I ask your help in a little mystery on which I've been beating my head. Solving it will make reasonable public key encryption on old perls a reality, I think. The purpose is to encrypt some user data which can be decrypted on a client PC with WinPT (Gnu's PGP-compatible GPG program with Windows Privacy Tray freeware).

First, the problem in short: This script works just fine from the command line, spitting out a PGP-style ascii-armored block of encrypted data. But when run in a browser, it dies on the line where it prints to the tied handle (see below).

The longer story: I need to encrypt some data using public key encryption on a server which has perl 5.00503 / FreeBSD 4.3. All the nice looking modules including the so-called pure perl ones in reality require a web of dependencies that seem to roll right up to perl 5.8.

Since this server also has limited resources, there is not enough memory to build perl 5.8, which I tried. I also built bits and pieces of it and other modules to get around various nitpicking errors like using strict, symbols not being defined in old Fcntl, constant not defined in XLoader.pm, and trouble with Math::Pari and File:: modules. One nasty problem came up in that I wanted to use an IO handle to work with another GPG module and discovered that in this version of perl there are some problems with seek on these handles which make them less than full-fledged.

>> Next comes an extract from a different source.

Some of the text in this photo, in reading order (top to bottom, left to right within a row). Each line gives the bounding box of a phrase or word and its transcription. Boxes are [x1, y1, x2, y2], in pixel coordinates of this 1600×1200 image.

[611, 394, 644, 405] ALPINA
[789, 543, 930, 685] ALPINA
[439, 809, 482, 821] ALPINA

Anyway, that sheaf of strategies and all the Crypt:: modules (well I didn't try all of them of course..) were not the Way To Do It.

I found GnuPG, which seems nice. It has a tie interface which lets you print to a tied filehandle which encrypts your data into a buffer, then you can read the encrypted data back out. This is exactly what I want.

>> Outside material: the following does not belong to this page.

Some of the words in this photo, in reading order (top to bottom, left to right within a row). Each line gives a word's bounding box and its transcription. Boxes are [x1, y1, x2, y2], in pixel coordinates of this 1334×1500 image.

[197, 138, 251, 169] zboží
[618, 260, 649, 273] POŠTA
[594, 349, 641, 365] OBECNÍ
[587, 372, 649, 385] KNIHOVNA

Run on the command line it works as mentioned above. But run as a CGI it dies at the print CIPHER $plaintext line, printing to the browser a wierd error.. "error on write: Broken pipe". I have a theory that STDOUT gets trashed by this tying,.. anyway as brain cells have undergone sludge conversion I request the help of more experienced or masochistic monks!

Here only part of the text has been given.